Step 3 — Use snprintf for Safe Formatting

sprintf is the function for formatted output to a string, but like strcpy, it ignores the destination buffer size. snprintf is its safe version, where the second parameter specifies the buffer size, guaranteeing that no more than this number of bytes (including the terminator) will be written.

c
#include <stdio.h>

int main(void)
{
    char buf[32];
    int value = 42;
    const char* unit = "degrees";

    int written = snprintf(buf, sizeof(buf), "Temperature: %d %s", value, unit);
    printf("Result: \"%s\"\n", buf);
    printf("Written: %d, Buffer size: %zu\n", written, sizeof(buf));

    if (written >= (int)sizeof(buf)) {
        printf("Output was truncated!\n");
    }
    return 0;
}
bash
gcc -Wall -Wextra -std=c17 snprintf_demo.c -o snprintf_demo && ./snprintf_demo

Output:

text
Result: "Temperature: 42 degrees"
Written: 23, Buffer size: 32

The return value of snprintf is very useful: it returns how many characters would have been written if not truncated (excluding the terminator). If this value is greater than or equal to the buffer size, it means the output was truncated.

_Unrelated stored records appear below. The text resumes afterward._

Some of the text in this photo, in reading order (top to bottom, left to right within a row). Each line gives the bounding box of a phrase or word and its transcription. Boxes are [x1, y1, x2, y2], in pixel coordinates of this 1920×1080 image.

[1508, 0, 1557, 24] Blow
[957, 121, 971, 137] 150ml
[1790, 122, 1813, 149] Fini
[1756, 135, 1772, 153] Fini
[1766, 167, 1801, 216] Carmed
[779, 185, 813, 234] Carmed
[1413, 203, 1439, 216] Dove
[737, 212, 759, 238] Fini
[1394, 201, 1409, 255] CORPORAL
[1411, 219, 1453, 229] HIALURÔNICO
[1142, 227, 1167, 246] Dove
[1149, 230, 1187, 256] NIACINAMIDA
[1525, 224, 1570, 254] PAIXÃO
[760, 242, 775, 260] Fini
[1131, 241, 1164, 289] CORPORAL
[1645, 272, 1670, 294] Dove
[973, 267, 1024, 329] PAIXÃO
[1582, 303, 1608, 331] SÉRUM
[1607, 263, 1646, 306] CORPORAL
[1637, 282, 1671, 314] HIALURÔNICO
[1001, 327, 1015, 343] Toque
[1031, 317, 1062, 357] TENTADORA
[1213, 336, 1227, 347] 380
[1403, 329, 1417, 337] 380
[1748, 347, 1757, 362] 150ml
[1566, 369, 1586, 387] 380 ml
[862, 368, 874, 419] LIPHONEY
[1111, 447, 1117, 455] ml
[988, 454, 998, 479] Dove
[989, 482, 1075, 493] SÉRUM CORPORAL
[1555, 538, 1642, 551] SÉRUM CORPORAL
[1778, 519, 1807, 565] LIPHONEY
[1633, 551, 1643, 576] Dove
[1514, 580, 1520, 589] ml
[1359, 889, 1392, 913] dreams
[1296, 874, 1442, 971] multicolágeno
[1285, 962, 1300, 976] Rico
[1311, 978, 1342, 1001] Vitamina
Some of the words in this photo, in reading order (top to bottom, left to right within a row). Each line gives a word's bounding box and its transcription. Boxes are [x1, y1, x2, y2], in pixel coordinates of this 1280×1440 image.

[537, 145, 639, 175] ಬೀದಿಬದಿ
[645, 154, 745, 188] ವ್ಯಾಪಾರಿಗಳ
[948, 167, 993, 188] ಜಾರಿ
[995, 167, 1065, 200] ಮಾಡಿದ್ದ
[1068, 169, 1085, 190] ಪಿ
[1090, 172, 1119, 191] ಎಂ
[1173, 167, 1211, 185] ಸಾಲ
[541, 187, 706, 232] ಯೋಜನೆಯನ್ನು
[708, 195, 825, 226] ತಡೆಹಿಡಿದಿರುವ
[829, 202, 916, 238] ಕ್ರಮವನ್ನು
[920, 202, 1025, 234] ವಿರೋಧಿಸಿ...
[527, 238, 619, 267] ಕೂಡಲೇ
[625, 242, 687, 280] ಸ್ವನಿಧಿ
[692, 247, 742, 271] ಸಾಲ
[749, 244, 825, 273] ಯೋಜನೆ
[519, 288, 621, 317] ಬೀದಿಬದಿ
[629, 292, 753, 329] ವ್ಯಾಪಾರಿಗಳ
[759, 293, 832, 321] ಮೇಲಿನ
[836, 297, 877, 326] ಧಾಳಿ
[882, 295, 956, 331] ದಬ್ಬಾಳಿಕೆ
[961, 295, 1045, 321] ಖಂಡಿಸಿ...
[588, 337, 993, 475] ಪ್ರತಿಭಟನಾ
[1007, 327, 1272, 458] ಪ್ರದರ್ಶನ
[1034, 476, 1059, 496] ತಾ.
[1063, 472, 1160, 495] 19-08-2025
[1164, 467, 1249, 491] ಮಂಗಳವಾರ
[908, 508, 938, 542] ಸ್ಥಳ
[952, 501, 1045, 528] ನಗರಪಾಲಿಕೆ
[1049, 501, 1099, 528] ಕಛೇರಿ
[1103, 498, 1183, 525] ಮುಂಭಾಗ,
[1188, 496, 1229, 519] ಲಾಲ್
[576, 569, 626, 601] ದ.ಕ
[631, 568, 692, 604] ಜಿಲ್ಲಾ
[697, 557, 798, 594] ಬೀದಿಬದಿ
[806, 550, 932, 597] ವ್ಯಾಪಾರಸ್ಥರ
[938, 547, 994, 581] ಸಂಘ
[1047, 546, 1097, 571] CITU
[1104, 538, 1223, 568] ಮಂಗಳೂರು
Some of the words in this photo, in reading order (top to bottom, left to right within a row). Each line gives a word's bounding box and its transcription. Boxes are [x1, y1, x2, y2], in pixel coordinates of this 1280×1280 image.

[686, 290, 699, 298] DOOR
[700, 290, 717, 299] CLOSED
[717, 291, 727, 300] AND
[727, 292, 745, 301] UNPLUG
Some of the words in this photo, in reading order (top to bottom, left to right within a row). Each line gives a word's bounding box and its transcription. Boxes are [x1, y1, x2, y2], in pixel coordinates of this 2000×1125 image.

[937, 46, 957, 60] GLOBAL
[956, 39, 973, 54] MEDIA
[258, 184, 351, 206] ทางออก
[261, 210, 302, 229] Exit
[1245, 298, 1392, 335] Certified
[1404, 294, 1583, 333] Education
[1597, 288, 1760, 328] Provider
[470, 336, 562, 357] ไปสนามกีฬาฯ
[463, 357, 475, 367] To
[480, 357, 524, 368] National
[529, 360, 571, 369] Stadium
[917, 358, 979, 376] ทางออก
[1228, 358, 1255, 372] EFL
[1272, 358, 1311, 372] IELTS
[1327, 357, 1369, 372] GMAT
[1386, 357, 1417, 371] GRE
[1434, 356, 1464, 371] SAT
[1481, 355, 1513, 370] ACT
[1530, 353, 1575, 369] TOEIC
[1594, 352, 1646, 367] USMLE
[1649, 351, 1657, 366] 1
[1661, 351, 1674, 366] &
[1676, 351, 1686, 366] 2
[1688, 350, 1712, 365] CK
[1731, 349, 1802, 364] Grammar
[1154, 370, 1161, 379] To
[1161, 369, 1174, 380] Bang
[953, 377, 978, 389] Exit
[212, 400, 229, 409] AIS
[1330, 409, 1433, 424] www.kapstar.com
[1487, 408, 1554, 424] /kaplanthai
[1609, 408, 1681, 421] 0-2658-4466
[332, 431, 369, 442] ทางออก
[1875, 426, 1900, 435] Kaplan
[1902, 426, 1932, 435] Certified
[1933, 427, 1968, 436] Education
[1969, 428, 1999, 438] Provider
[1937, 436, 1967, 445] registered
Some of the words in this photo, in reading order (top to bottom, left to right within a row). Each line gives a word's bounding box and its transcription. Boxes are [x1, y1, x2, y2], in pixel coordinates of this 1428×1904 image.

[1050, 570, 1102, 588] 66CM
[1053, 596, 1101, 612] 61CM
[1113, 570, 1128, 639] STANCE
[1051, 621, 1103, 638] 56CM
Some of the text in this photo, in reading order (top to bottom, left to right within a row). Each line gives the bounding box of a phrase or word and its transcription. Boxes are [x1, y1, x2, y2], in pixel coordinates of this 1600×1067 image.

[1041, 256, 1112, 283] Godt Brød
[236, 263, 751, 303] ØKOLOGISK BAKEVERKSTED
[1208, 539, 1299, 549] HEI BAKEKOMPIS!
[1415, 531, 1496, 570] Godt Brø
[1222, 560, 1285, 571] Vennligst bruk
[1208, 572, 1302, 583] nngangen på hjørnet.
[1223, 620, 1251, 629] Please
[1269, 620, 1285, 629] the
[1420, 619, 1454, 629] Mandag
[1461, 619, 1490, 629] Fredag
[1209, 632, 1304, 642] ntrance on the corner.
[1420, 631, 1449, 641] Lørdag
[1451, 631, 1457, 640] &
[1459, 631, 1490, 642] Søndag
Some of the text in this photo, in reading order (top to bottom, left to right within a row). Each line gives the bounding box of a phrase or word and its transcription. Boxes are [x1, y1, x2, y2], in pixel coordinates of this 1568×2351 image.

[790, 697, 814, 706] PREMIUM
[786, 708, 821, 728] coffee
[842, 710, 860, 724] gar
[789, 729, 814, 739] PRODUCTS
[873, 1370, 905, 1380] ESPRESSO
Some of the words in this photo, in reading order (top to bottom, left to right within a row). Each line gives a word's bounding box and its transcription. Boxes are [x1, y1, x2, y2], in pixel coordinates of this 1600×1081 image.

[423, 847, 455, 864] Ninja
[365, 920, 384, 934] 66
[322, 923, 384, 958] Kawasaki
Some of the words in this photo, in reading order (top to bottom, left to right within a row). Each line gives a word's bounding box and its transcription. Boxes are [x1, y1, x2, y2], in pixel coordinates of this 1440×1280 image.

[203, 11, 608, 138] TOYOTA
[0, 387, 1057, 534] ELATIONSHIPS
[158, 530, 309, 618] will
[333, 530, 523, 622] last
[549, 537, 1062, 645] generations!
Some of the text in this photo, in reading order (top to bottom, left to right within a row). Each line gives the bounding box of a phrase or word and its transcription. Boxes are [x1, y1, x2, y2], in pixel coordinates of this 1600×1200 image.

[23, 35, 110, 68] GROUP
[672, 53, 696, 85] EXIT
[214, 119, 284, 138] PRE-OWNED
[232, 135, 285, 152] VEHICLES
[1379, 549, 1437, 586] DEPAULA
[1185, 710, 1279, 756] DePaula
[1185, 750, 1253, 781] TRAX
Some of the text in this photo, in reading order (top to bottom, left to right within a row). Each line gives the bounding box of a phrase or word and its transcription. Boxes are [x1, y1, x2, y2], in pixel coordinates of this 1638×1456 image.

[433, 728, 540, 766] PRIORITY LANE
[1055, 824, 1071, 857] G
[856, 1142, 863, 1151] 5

In embedded development, snprintf is basically the only recommended way to construct strings—log formatting, sensor data concatenation, and communication protocol command assembly should all go through snprintf.

Step 4 — Understand Why Buffer Overflows Are So Dangerous

We have repeatedly mentioned "buffer overflow" up to this point, so now we formally break down what it actually is.

Classic Overflow Scenarios

The essence of a buffer overflow is simple: the data written to a buffer exceeds its capacity, and the excess data overflows into adjacent memory areas, overwriting data that should not be modified. Buffer overflows on the stack are especially dangerous because the function's return address is stored in the stack frame—an attacker can craft an overly long input to overwrite the return address, making the program jump to code specified by the attacker. The Morris Worm in 1988 spread using exactly this kind of attack.

c
#include <stdio.h>
#include <string.h>

void vulnerable_function(const char* user_input)
{
    char buffer[16];
    strcpy(buffer, user_input);  // 如果 user_input 长度 >= 16,溢出!
    printf("You said: %s\n", buffer);
}

Three Lines of Defense

The first line of defense: always use length-limited functions.

Dangerous FunctionSafe AlternativeNotes
strcpystrncpy + manual terminationOr switch to snprintf
strcatstrncatNote the meaning of the third parameter
sprintfsnprintfPreferred choice
getsfgetsgets was completely removed in C11
scanf("%s")%Ns or fgets + sscanfSpecify maximum width

The second line of defense is compiler flags. -fstack-protector inserts canary values into stack frames and checks whether they have been tampered with before the function returns. -D_FORTIFY_SOURCE=2 makes the compiler replace unsafe functions with safe versions at compile time.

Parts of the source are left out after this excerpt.